TASK
Drop every image, then reproduce the data exactly as given.

INFORMATION PROVIDED
• • • • •

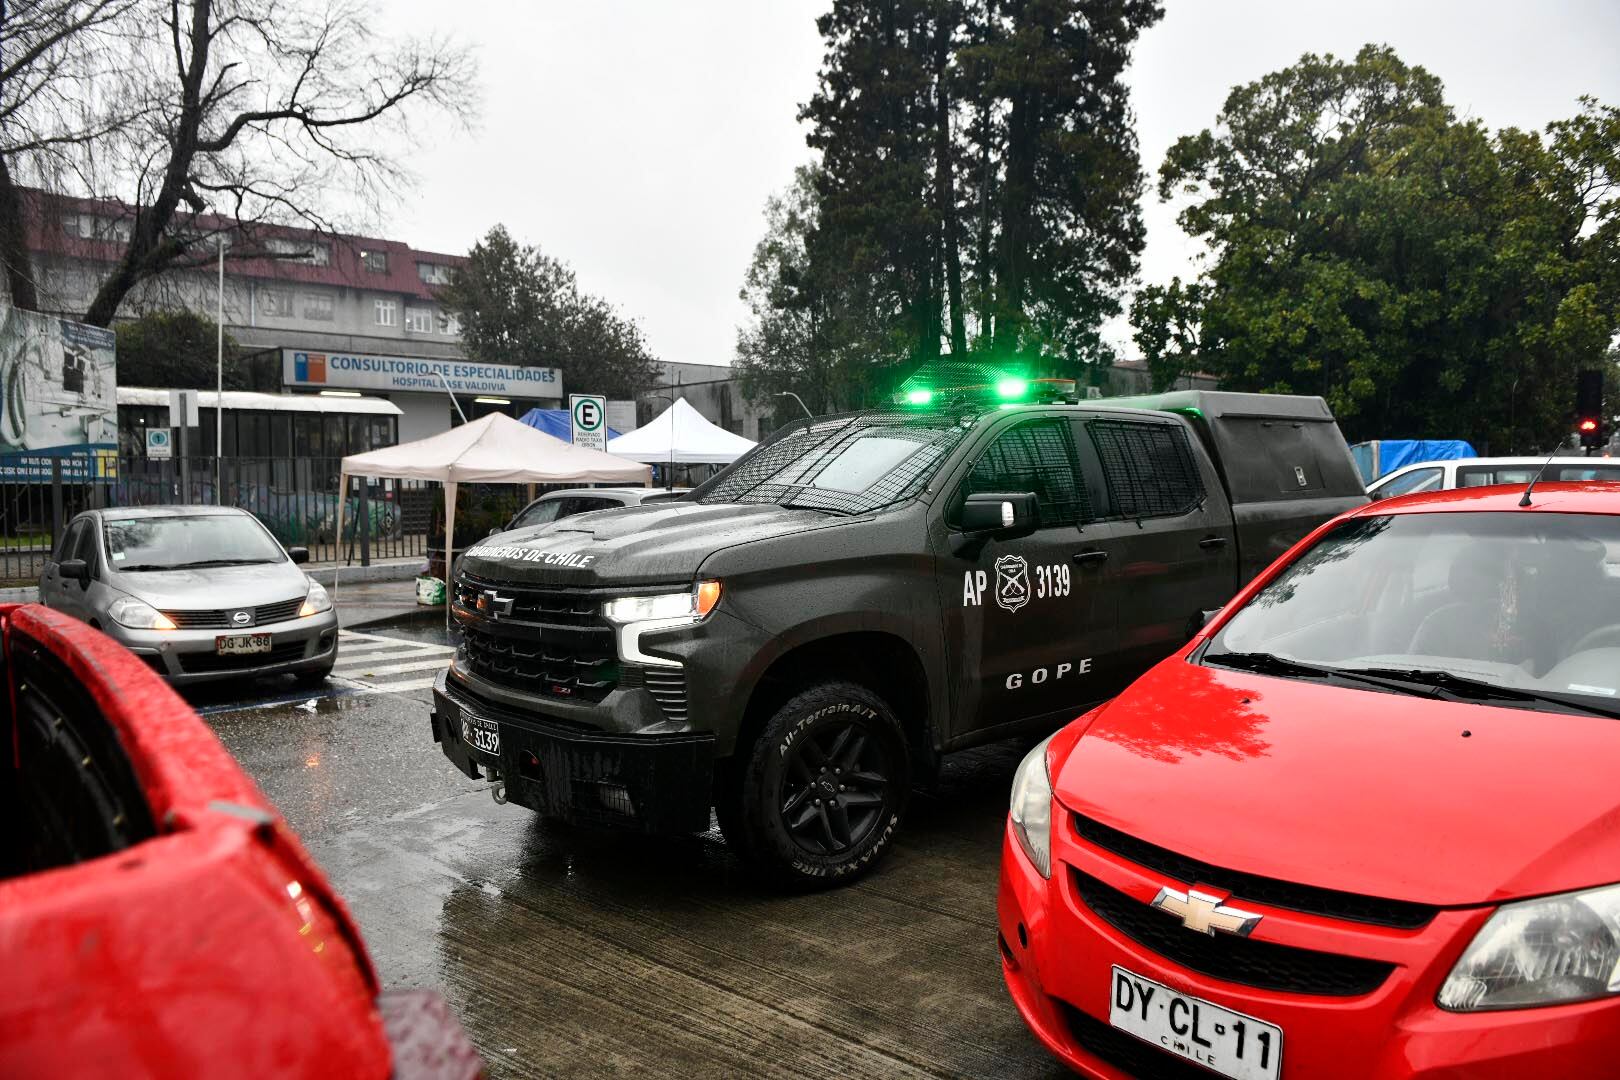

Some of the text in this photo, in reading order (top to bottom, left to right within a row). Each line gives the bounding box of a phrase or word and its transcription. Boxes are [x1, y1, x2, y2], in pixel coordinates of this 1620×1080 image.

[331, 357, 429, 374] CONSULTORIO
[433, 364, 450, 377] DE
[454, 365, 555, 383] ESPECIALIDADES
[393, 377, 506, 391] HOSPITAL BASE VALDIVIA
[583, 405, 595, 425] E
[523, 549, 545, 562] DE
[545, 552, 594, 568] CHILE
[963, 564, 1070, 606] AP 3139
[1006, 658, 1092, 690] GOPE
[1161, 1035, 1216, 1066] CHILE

• • • • •

OUTPUT FOR THIS TASK
Some of the text in this photo, in reading order (top to bottom, left to right within a row). Each line gives the bounding box of a phrase or word and its transcription. Boxes are [x1, y1, x2, y2], in pixel coordinates of this 1620×1080 image.

[331, 357, 429, 374] CONSULTORIO
[433, 364, 450, 377] DE
[454, 365, 555, 383] ESPECIALIDADES
[393, 377, 506, 391] HOSPITAL BASE VALDIVIA
[583, 405, 595, 425] E
[523, 549, 545, 562] DE
[545, 552, 594, 568] CHILE
[963, 564, 1070, 606] AP 3139
[1006, 658, 1092, 690] GOPE
[1161, 1035, 1216, 1066] CHILE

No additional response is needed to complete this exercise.